• _Directions for this task_:
I would like the records restated word for word, without the pictures.

(Extracted records)

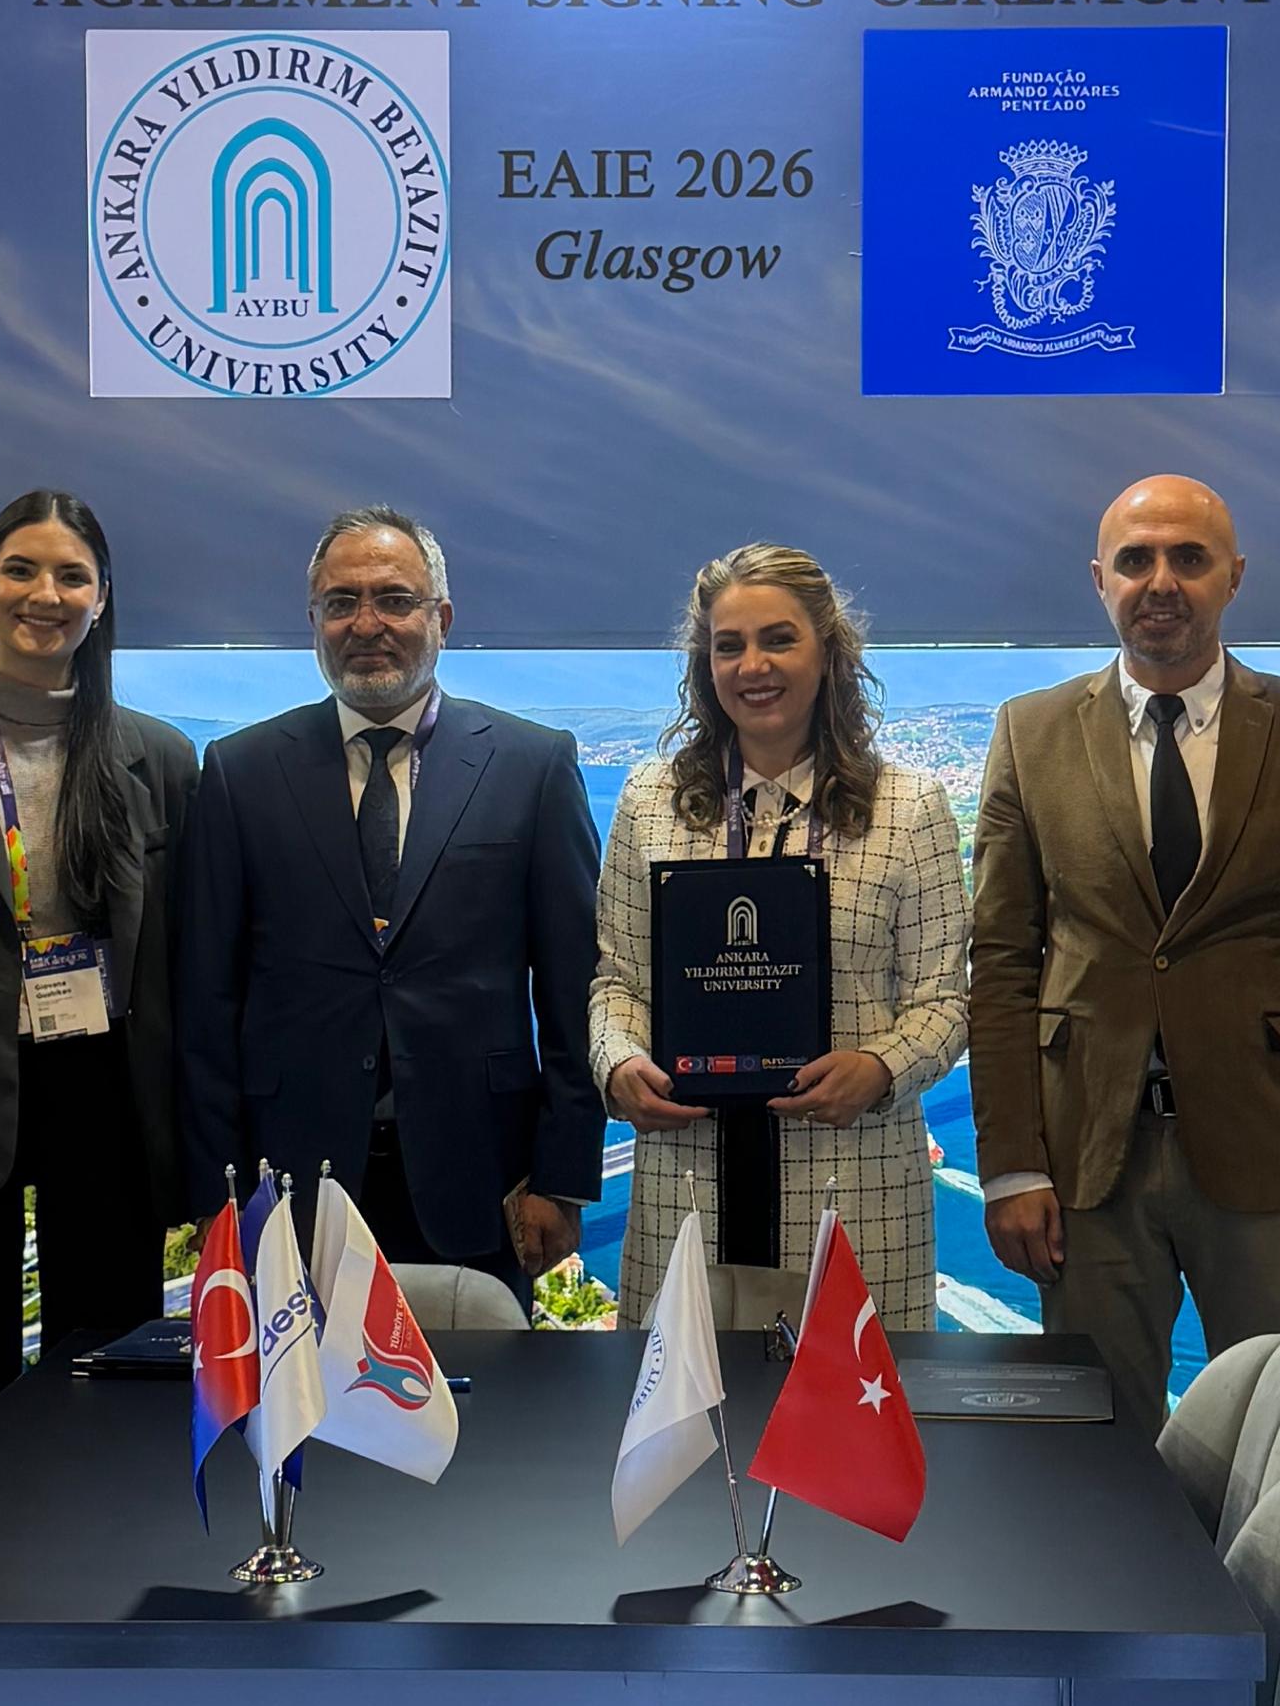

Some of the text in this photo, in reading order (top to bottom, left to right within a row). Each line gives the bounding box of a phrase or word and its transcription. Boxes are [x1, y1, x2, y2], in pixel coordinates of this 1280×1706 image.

[1002, 69, 1086, 85] FUNDAÇÃO
[968, 84, 1120, 98] ARMANDO ALVARES
[1001, 99, 1087, 111] PENTEADO
[104, 46, 440, 288] ANKARA YILDIRIM BEYAZIT
[498, 148, 814, 200] EAIE 2026
[535, 229, 781, 291] Glasgow
[235, 298, 309, 317] AYBU
[148, 314, 400, 395] UNIVERSITY
[716, 952, 769, 964] ANKARA
[684, 964, 802, 979] YILDIRIM BEYAZIT
[703, 979, 783, 992] UNIVERSITY

• _Response to the exercise_:
Some of the text in this photo, in reading order (top to bottom, left to right within a row). Each line gives the bounding box of a phrase or word and its transcription. Boxes are [x1, y1, x2, y2], in pixel coordinates of this 1280×1706 image.

[1002, 69, 1086, 85] FUNDAÇÃO
[968, 84, 1120, 98] ARMANDO ALVARES
[1001, 99, 1087, 111] PENTEADO
[104, 46, 440, 288] ANKARA YILDIRIM BEYAZIT
[498, 148, 814, 200] EAIE 2026
[535, 229, 781, 291] Glasgow
[235, 298, 309, 317] AYBU
[148, 314, 400, 395] UNIVERSITY
[716, 952, 769, 964] ANKARA
[684, 964, 802, 979] YILDIRIM BEYAZIT
[703, 979, 783, 992] UNIVERSITY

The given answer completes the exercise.